A deficiency occurred when three residents received double doses of their scheduled narcotic pain medications due to failures in medication administration and documentation. Specifically, a medication aide administered narcotic pain medications to three residents but did not sign off the administration in the electronic medical record (EMR), only on the narcotic count sheet. The aide wrote the medication administration on a piece of paper and gave it to the nurse on the next shift, who subsequently forgot about the note and, seeing the medications still due in the EMR, administered a second dose to each resident. Both staff members acknowledged they had been trained that the person administering the medication is responsible for signing off in both the EMR and the narcotic count sheet. The residents involved had complex medical histories, including dementia, chronic pain, and other significant diagnoses. The double dosing of narcotic medications was not documented in the residents' progress notes, and there was no follow-up monitoring of the residents for adverse effects after the error. Additionally, responsible parties for the residents were not notified of the medication errors, and the errors were not included in the 24-hour report to inform subsequent shifts. The facility's policy required prompt reporting of medication errors, detailed documentation, and close monitoring of affected residents, none of which were followed in this incident. Interviews with facility staff, including the DON, administrator, and medical director, confirmed that the required documentation, monitoring, and notifications were not completed. The medical director expressed concern about the lack of follow-up monitoring, stating that vital signs and respiratory status should have been checked due to the risk of narcotic overdose. The failure to adhere to established medication administration and error reporting protocols led to the identification of an Immediate Jeopardy situation by surveyors.

Removal Plan

  • Responsible parties for Residents #1, #2, and #3 were contacted and made aware of the med errors.

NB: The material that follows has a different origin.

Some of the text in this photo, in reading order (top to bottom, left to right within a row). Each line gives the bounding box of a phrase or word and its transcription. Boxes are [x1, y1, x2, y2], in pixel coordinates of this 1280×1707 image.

  • The Medical Director was made aware of past med error.
  • Missed Medication Report was pulled to ensure no other residents were administered narcotics twice.

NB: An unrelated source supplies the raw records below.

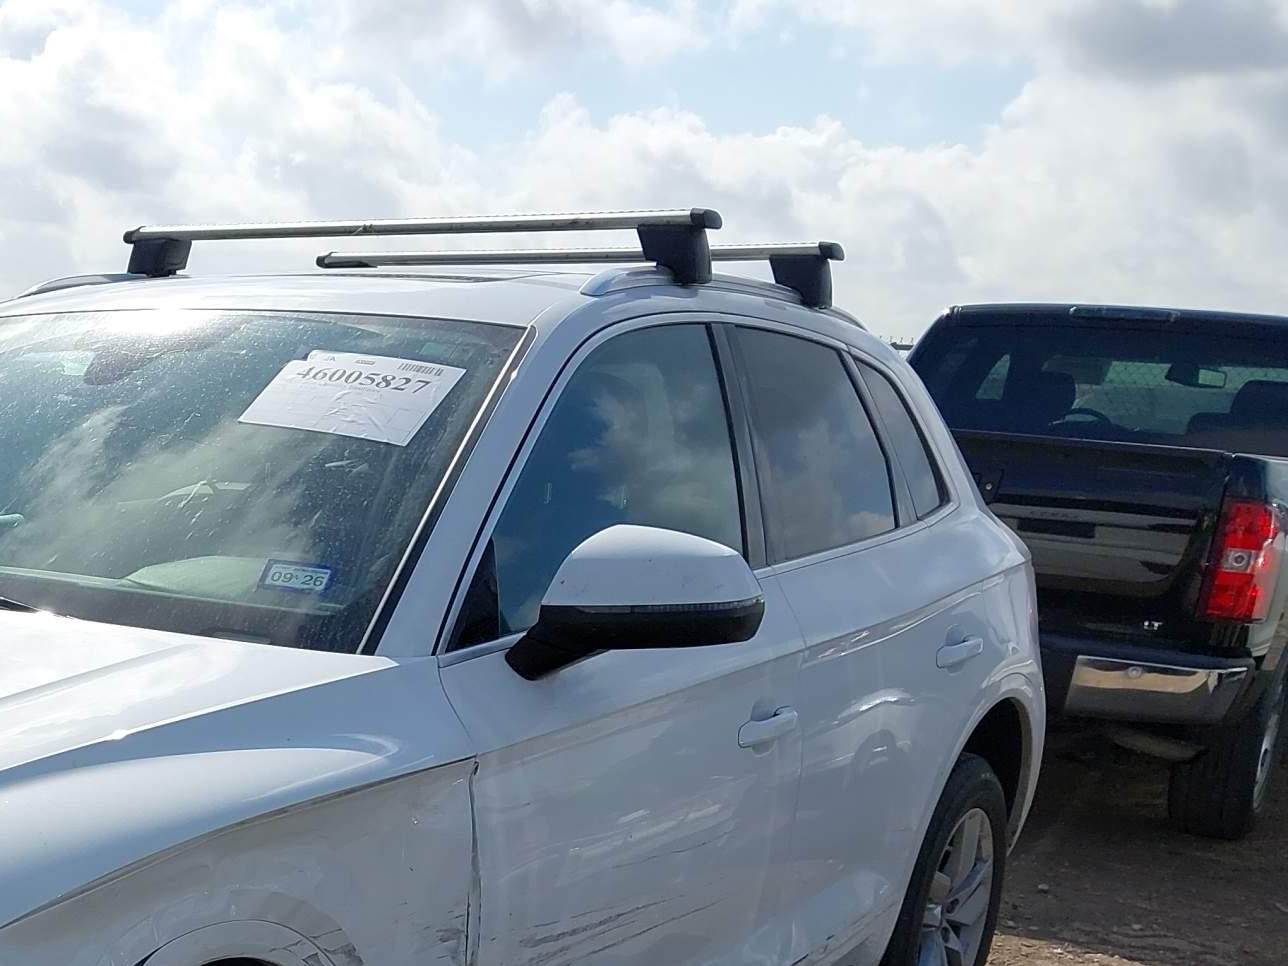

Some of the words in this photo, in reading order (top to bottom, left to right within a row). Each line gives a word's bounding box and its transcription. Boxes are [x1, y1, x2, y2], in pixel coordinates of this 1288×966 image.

[296, 365, 432, 394] 46005827
[271, 571, 294, 583] 09
[301, 574, 325, 587] 26
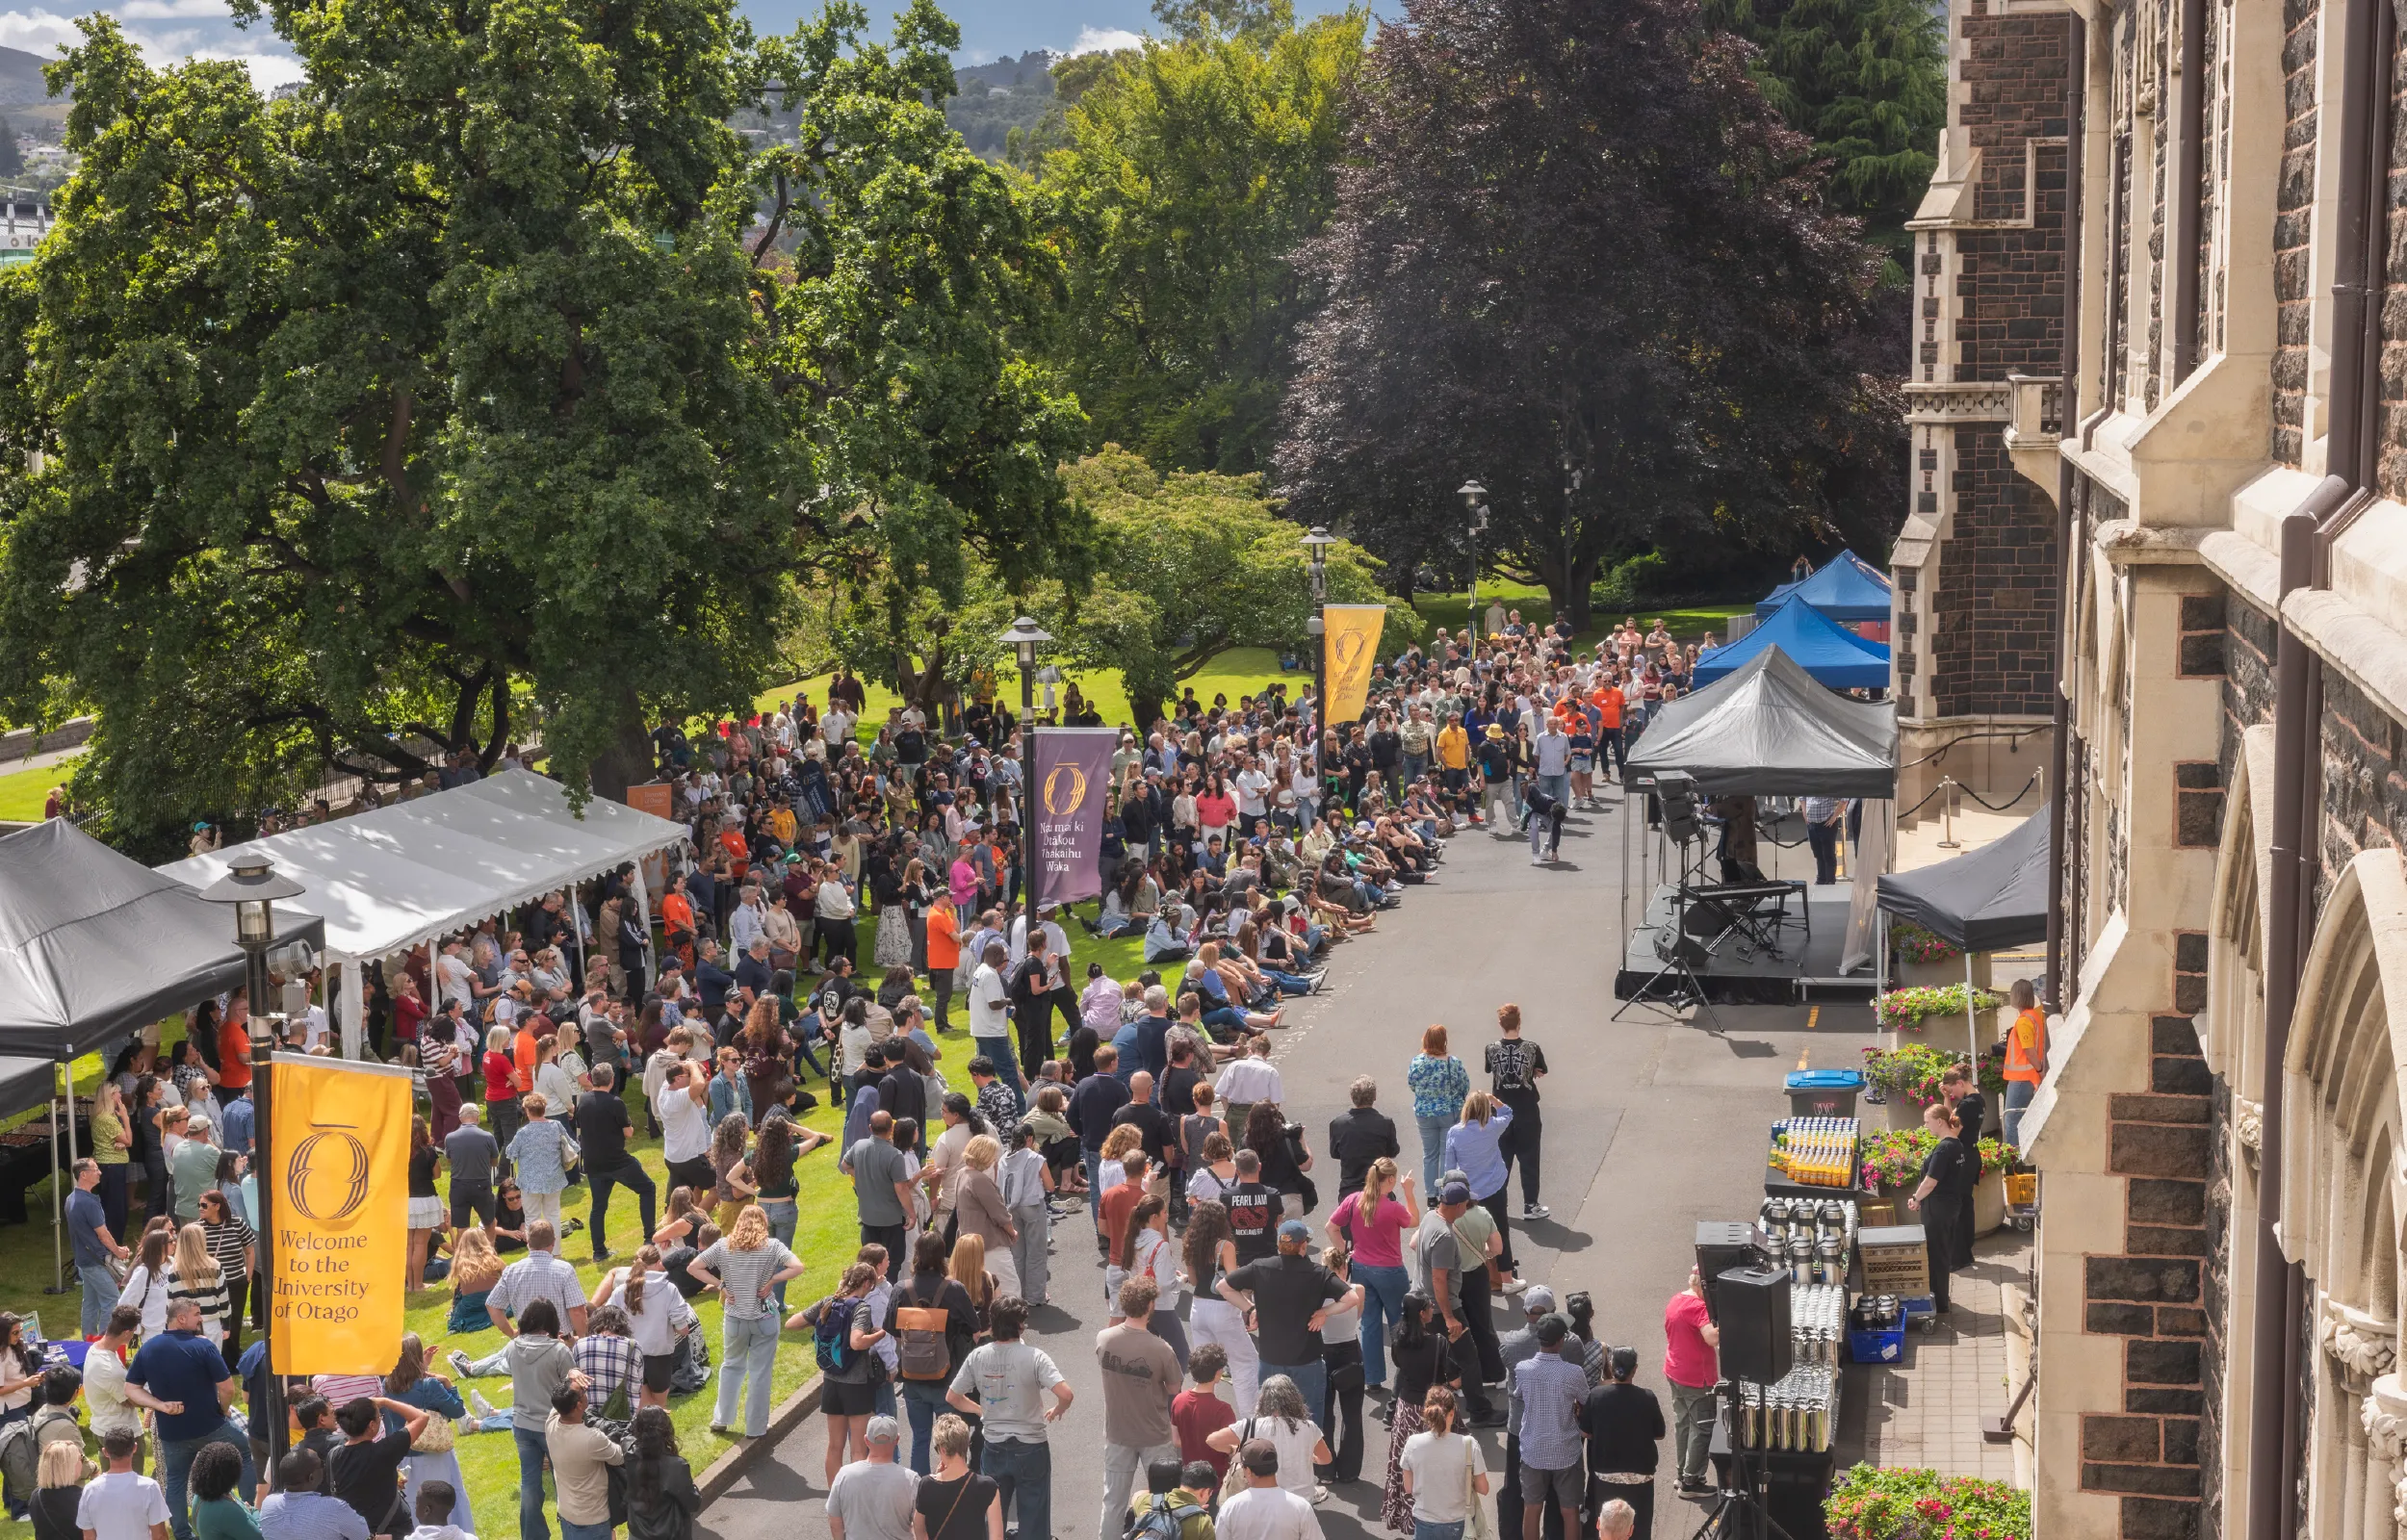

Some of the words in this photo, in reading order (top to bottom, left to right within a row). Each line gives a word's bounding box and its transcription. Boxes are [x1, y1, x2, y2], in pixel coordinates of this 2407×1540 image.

[1054, 821, 1072, 833] mai
[1074, 820, 1084, 833] ki
[1046, 860, 1070, 872] Waka
[1231, 1194, 1253, 1207] PEARL
[1254, 1194, 1268, 1206] JAM
[280, 1229, 368, 1250] Welcome
[290, 1257, 310, 1272] to
[316, 1255, 349, 1273] the
[272, 1275, 370, 1299] University
[274, 1300, 294, 1319] of
[297, 1301, 359, 1323] Otago

  • Review of all Narcotic sheets was completed to ensure that there were no double doses of narcotics based on the sign out sheets and comparing to nurse notes and EMARs.

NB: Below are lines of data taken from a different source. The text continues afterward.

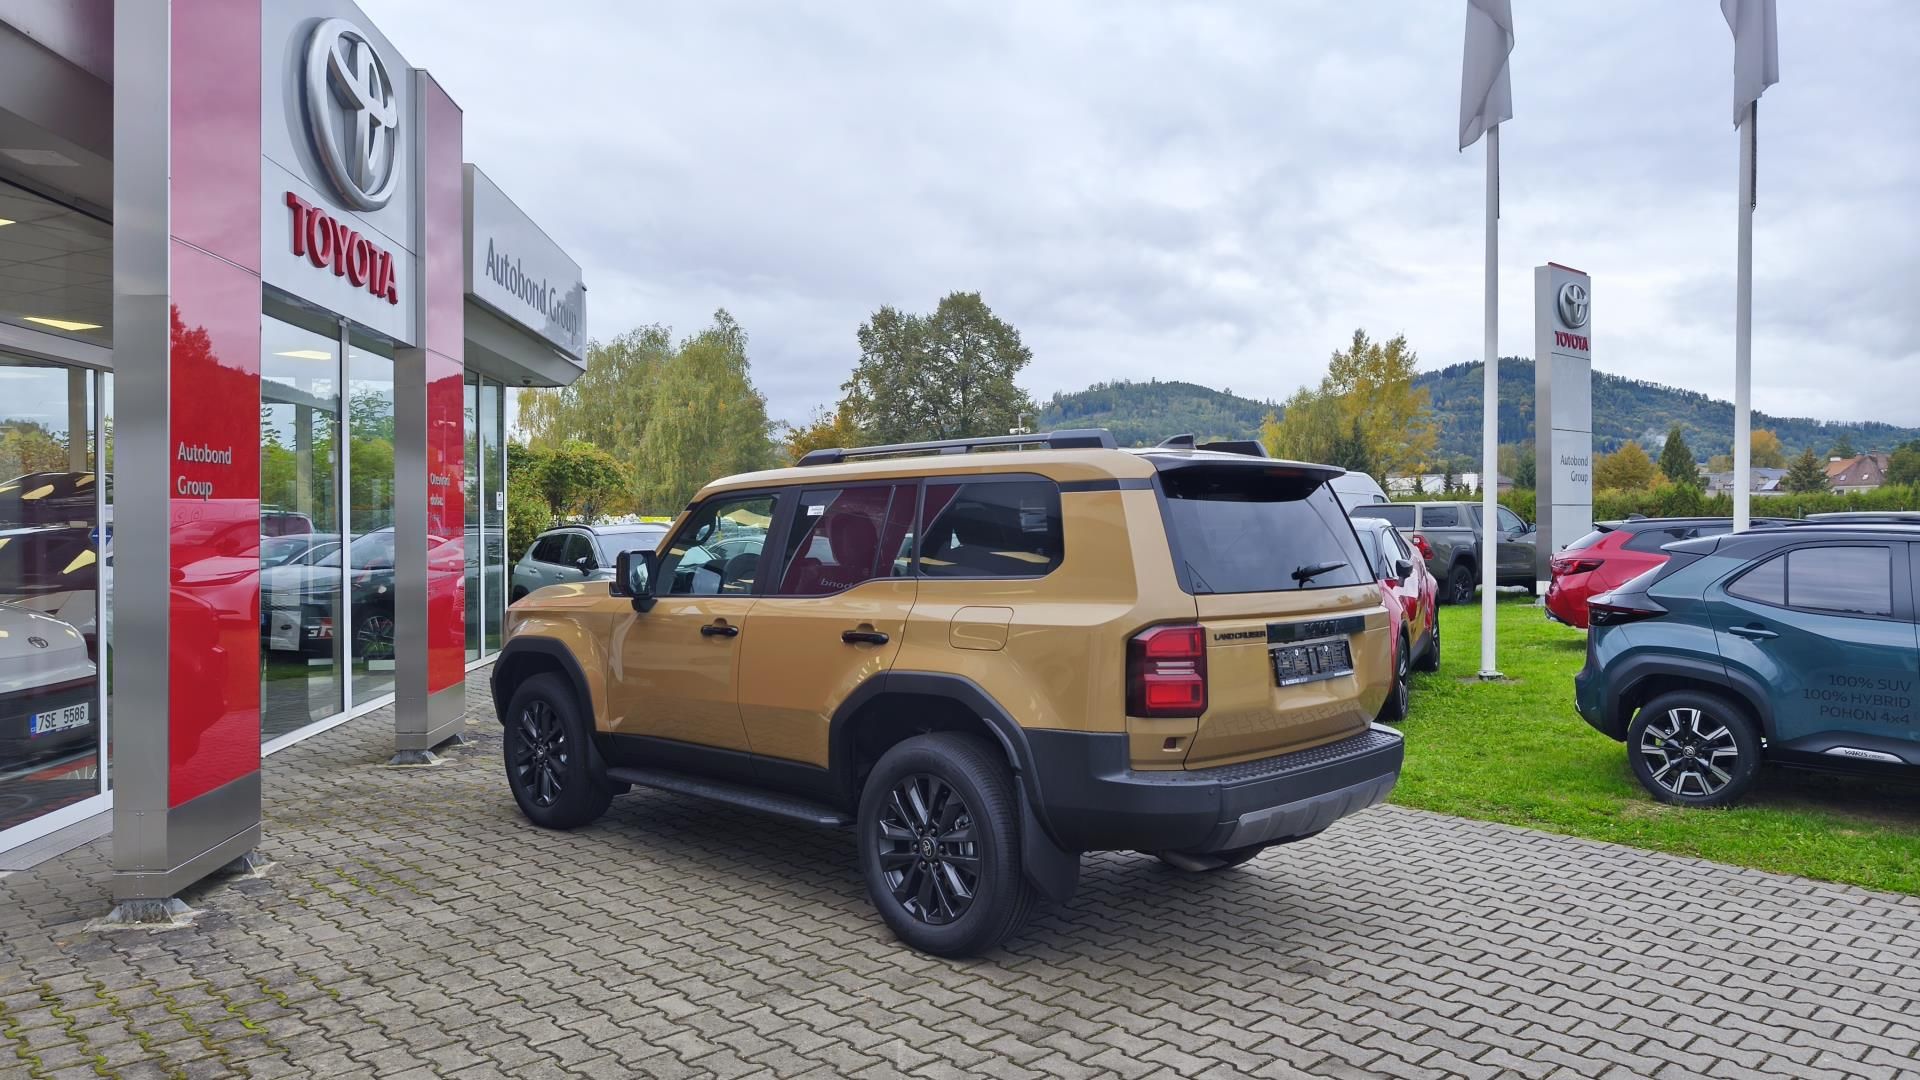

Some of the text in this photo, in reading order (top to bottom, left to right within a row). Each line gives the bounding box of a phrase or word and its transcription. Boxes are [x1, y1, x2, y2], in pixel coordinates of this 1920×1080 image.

[286, 191, 398, 305] TOYOTA
[486, 237, 577, 345] Autobond Group
[1555, 330, 1589, 351] TOYOTA
[178, 441, 232, 465] Autobond
[1560, 455, 1589, 467] Autobond
[177, 475, 213, 501] Group
[1570, 470, 1589, 486] Group
[1829, 674, 1912, 693] 100% SUV
[1803, 687, 1911, 709] 100% HYBRID
[38, 712, 57, 731] 7SE
[63, 705, 85, 724] 5586
[1820, 704, 1910, 725] POHON 4x4

  • ADONs are reviewing count sheets daily to ensure no double doses have been administered.
  • The Chief Operating Officer and Director of Clinical Operations educated the DON and Administrator with a posttest to show understanding.
  • The Director of Nurses provided training to the nurses and medication aides on duty with a post test to show understanding.
  • Training for nurses and med aides on duty was provided with a post test to show understanding.
  • Training was concluded for all staff on-site.
  • Training will be concluded for those not present; they will be educated and required to pass a post test before they take their next assignment.
  • New hires will receive training from the DON or designee during new hire orientation.
  • The person who made the error(s) received an in-service and a disciplinary action.
  • Residents with med errors were assessed and all notifications were made and documented by the ADON and CHARGE NURSE.
  • Ad-Hoc QAPI meeting was held to discuss medication errors and failure to document; in-services over administering medications, medication errors, and notifications and reviewed post test for administering medications.
  • Missed Medications report will be run during daily stand-up meeting to review medications that were missed.
  • Any medication errors, the staff member will be contacted and an in-service and disciplinary action (where necessary) will be initiated.
  • All nursing staff who administer medications will be given reminder education over the policy and procedures by the DON or Nurse Managers that will be initiated immediately following the med error until all staff who administer medications has received re-education.
  • The ADONs are reviewing count sheets to ensure no one has been double dosed or that a dose has been missed and not documented in the EMAR. This is part of their morning routines.
  • Missed Medication Report will be run prior to daily stand-up meeting by the DON. This will be an ongoing process.